I wanted to be tutored thoroughly in the extensive base-building, unit-evolving processes that the game does have to offer, but instead found myself at the mercy of the weak storyline and some babbled-out Earth-invasion cliché.

Eventually, a couple of hours into the game, I started to get access to the full range of extra-terrestrial conflict that's on offer: building the full bases, with all their super-weapons and high-end units - but this really doesn't come around fast enough.

Let's fill in some detail about those alien races. There are three alien factions, each with their own modus operandi. Petroglyph have clearly worked hard to create that 'asymmetric' faction structure that we all seem to have demanded since Starcraft.

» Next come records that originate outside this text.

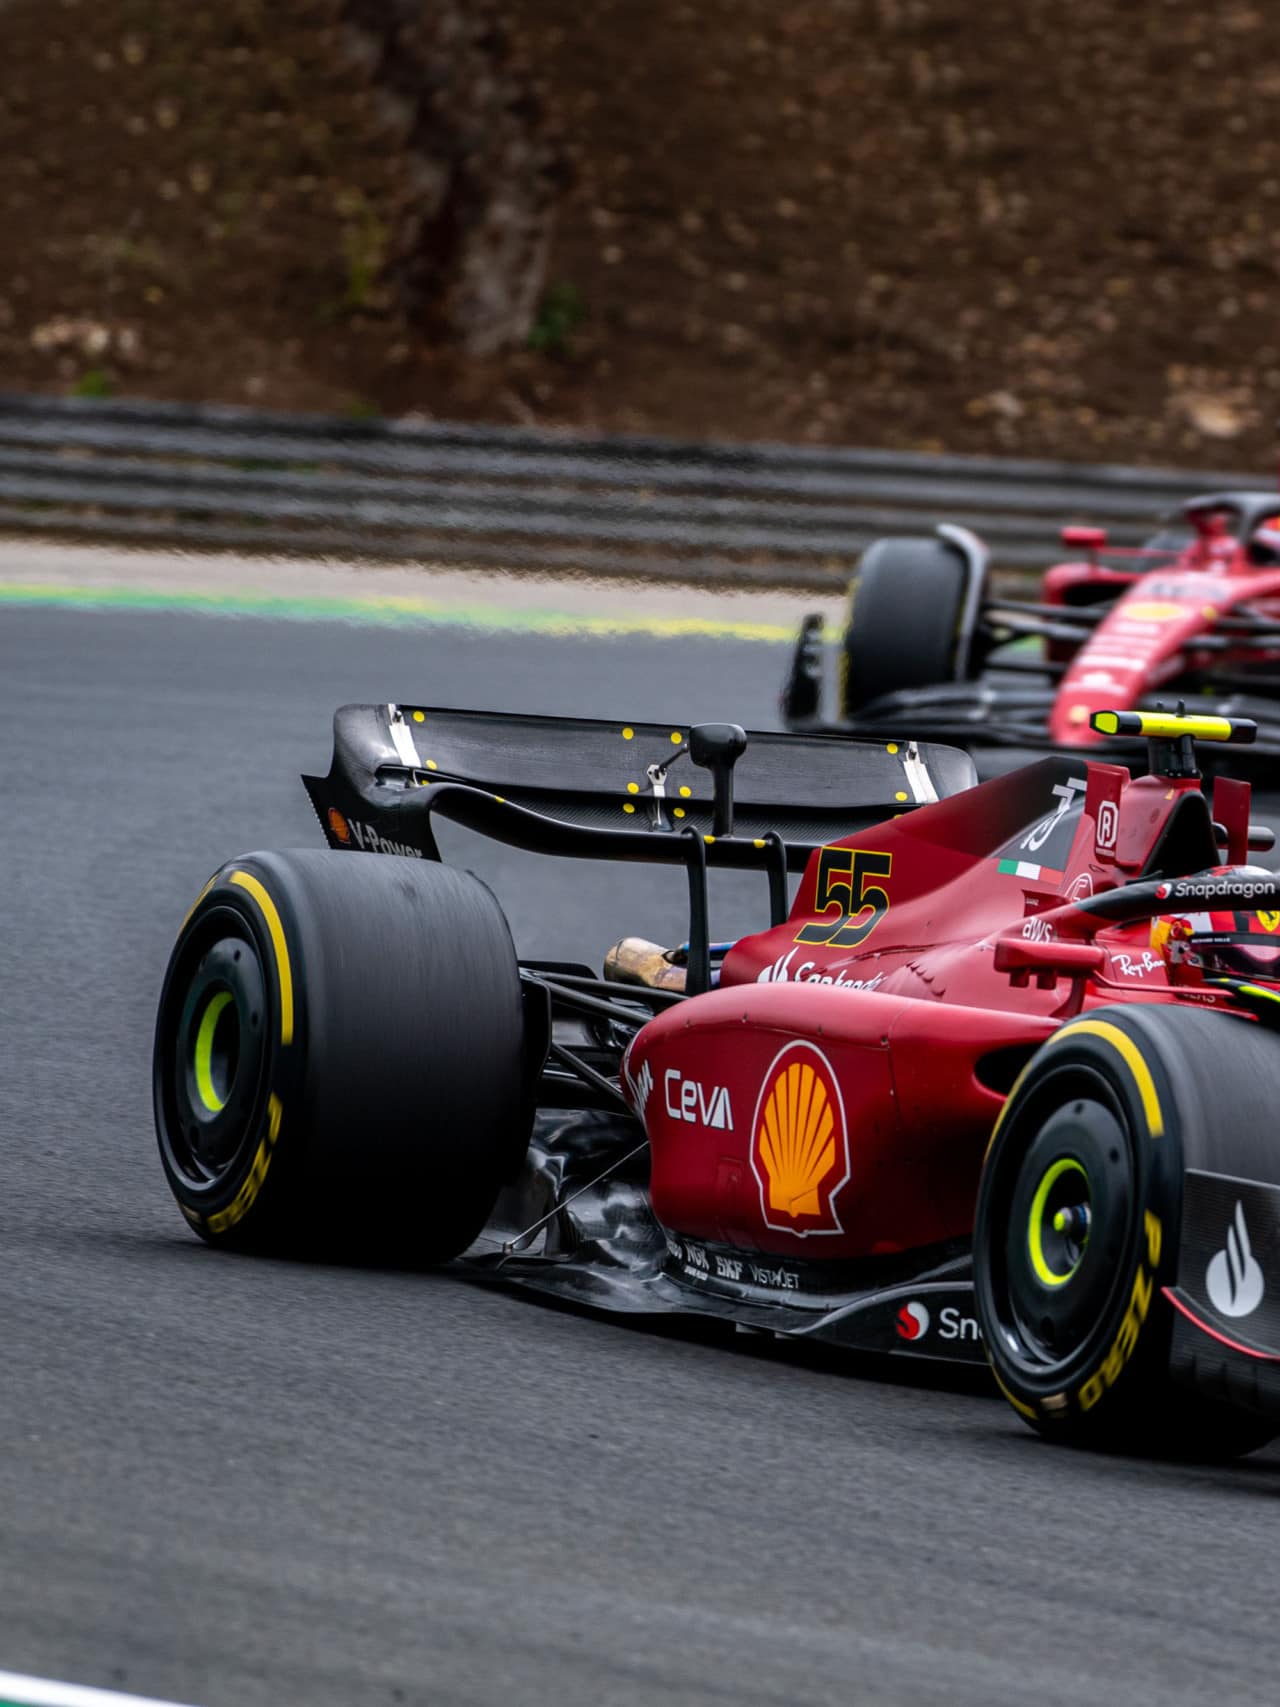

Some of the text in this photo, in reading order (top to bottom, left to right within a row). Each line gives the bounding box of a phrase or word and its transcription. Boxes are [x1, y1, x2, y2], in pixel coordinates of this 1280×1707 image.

[792, 845, 893, 949] 55
[1175, 881, 1275, 899] Snapdragon
[1022, 917, 1053, 944] aws
[1111, 952, 1166, 978] Ray-Ban
[714, 1255, 744, 1281] SKF

Unfortunately for Universe at War, one of the factions is far more satisfying to play than the other two. Now, you might argue that it's just a matter of taste, but I'd argue it's just a matter of whose base is a giant radiation-spewing red behemoth summoned from the sky by a fiery glyph, and whose... isn't.

So, faction number one are the Novus. These are the iPod chic faction. Their bases are all blue lights and white panels, and some of their most potent tools are the pylons that allow some of their units to 'upload' and travel vast distances in an instant. This means you can quickly build a line out to resources and have your collection bots zip back and forth without having to worry much about defending them.

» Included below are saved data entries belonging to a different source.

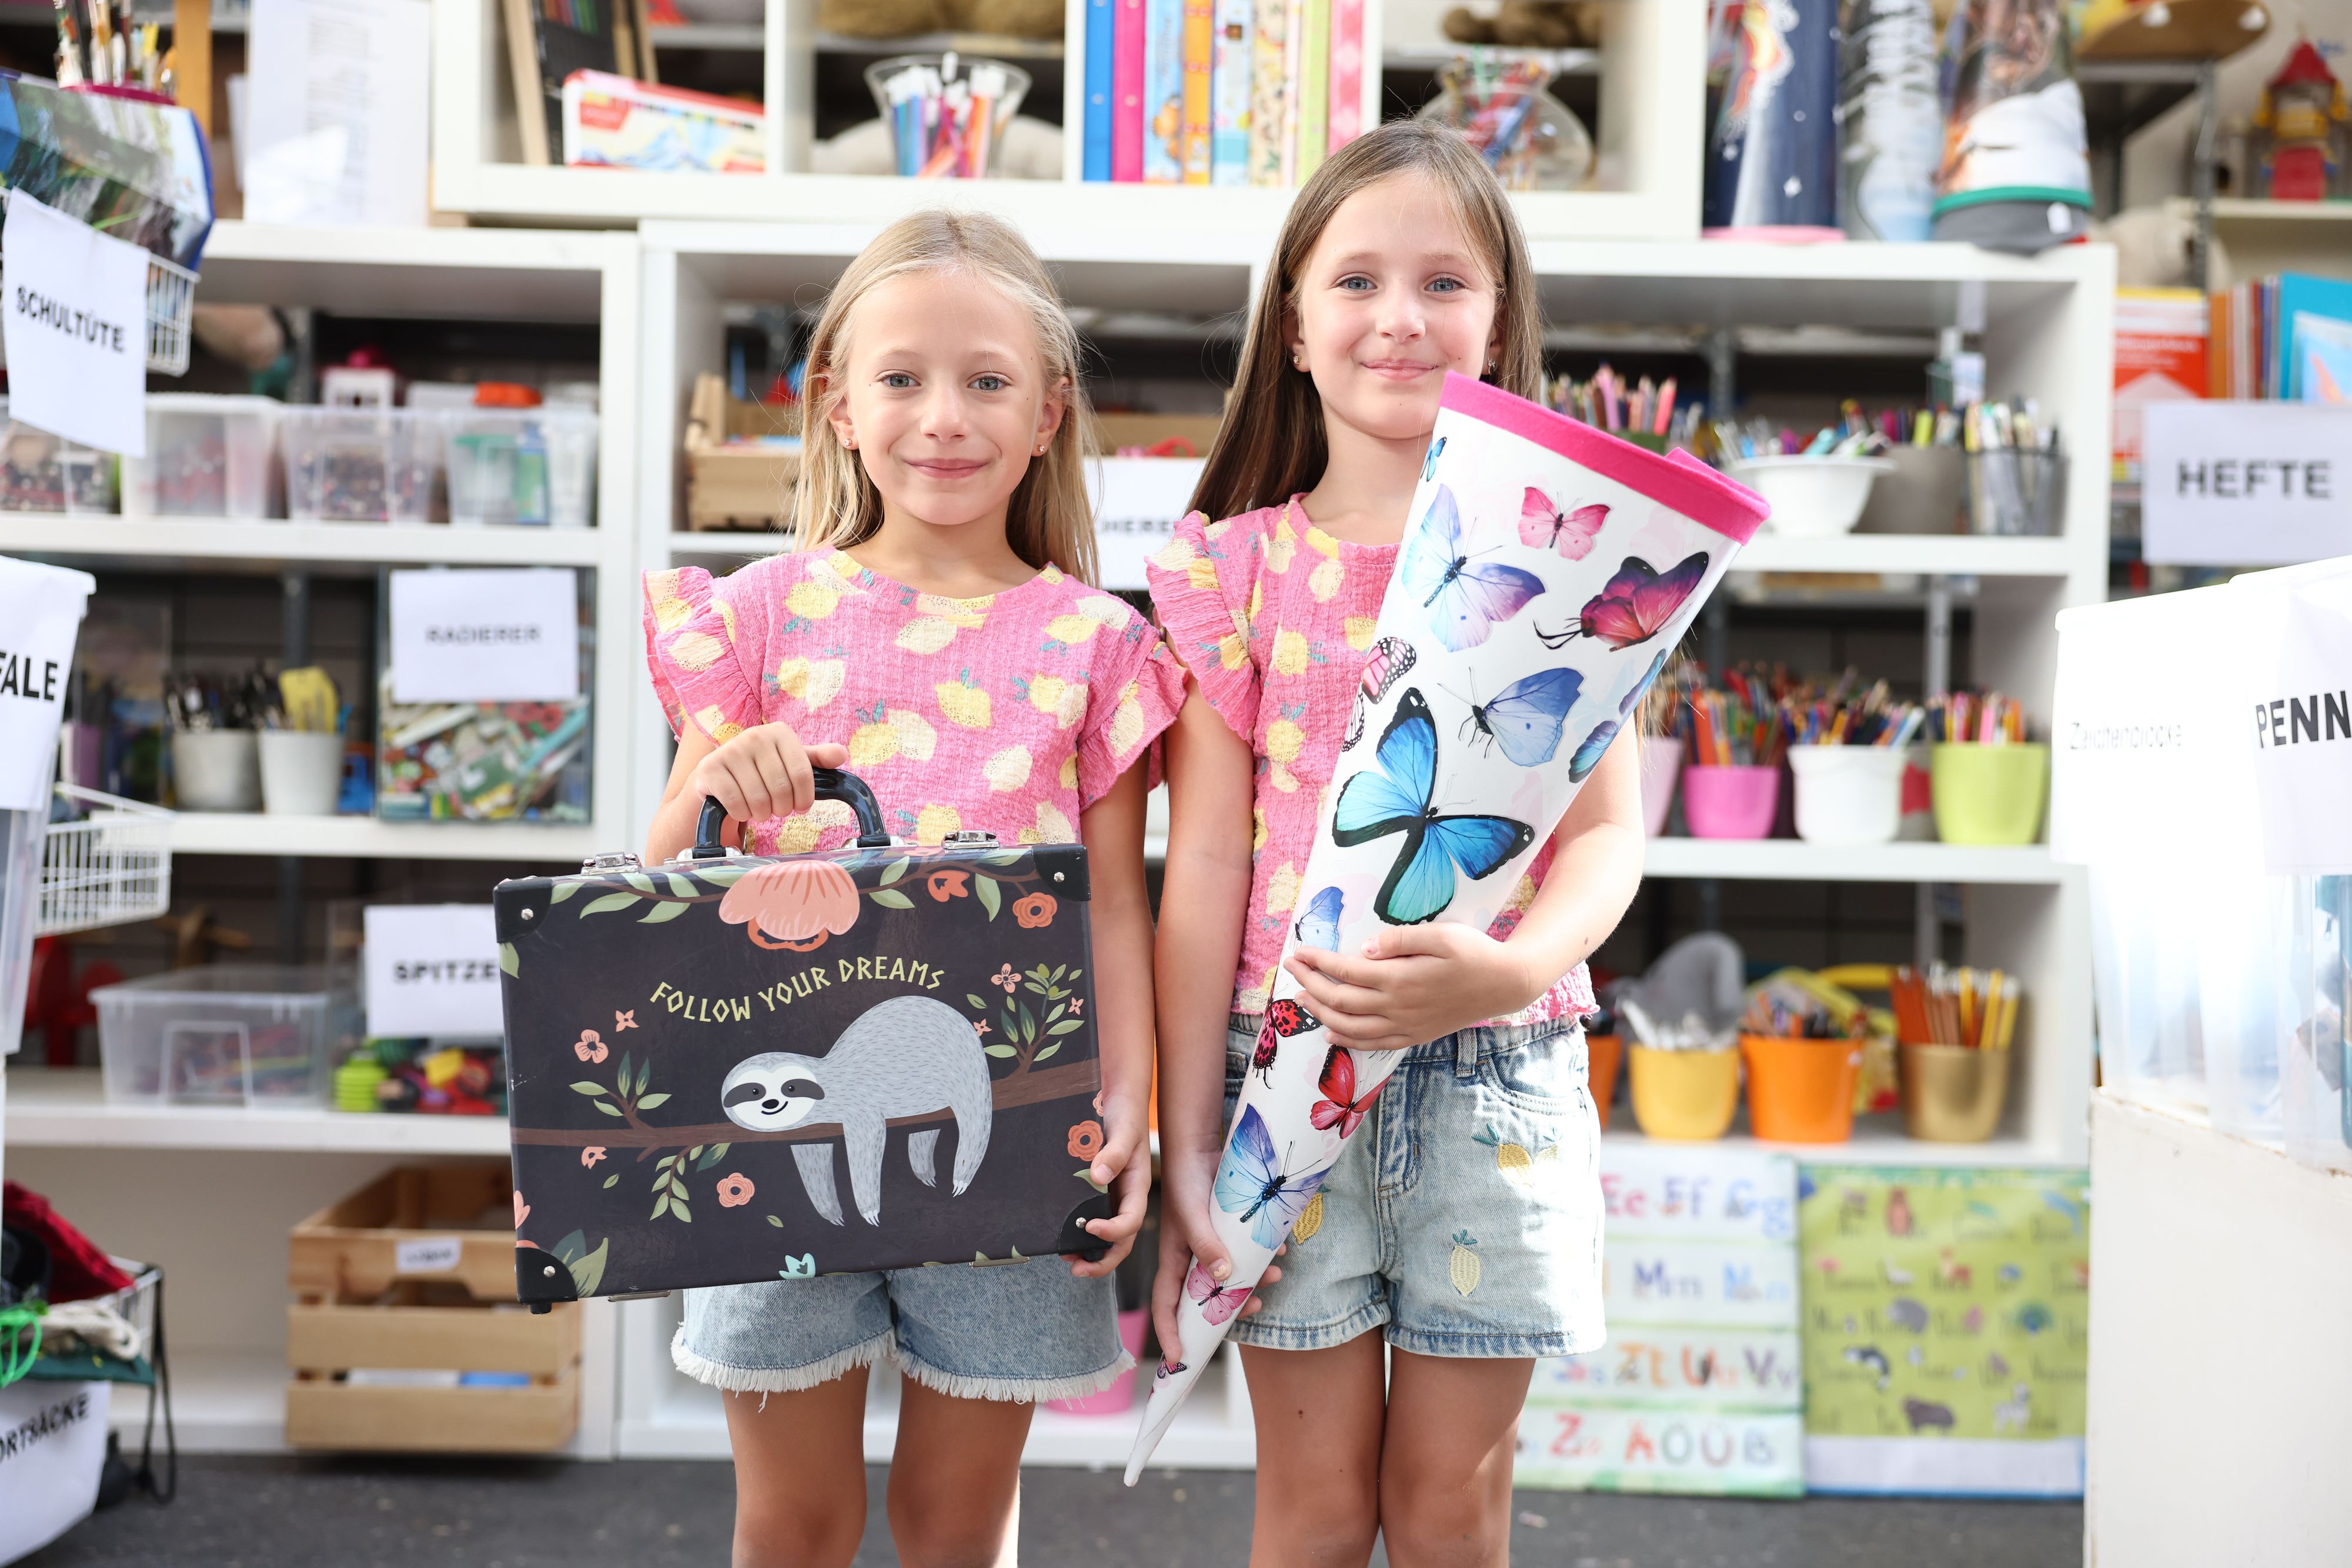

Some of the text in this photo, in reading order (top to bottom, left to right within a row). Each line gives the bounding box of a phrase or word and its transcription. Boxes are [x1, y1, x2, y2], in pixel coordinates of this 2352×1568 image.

[17, 286, 124, 353] SCHULTÜTE
[2177, 459, 2333, 499] HEFTE
[426, 626, 540, 646] RADIERER
[2256, 690, 2351, 748] PENN
[394, 959, 499, 984] SPITZE
[650, 956, 945, 1023] FOLLOW YOUR DREAMS

The Novus units rely on 'information' as one of their primary conceits, so there are hackers that can scramble and immobilise units, and there are 'patches' that can be applied across your army to counter a particular problem, such as radiation.

As with all the other factions, there are also some core hero units, such as a mecha piloted by a beautiful alien woman and a cloaking craft that can upload units before downloading them anywhere on the field. To give you a taste of the route the tech tree takes, the top weapons are a Black Hole bomb and an EMP blast. Once the tedious tutorial stuff is out of the way they're enormous fun to play.

But they're not as much fun as the Hierarchy. These alien conquistadores are the jocks of space: they drag in every conceivable UFO legend and then beef it up with steroids and a red paint job. These guys use a 'glyph burner' to call giant tripedal units down from orbit.

The glyphs are remarkably similar to crop circles, which further buys into the whole UFO mythos. Their air units are flying saucers, their scouts are 'greys', and their resource-collection beasts do very nasty things to cattle.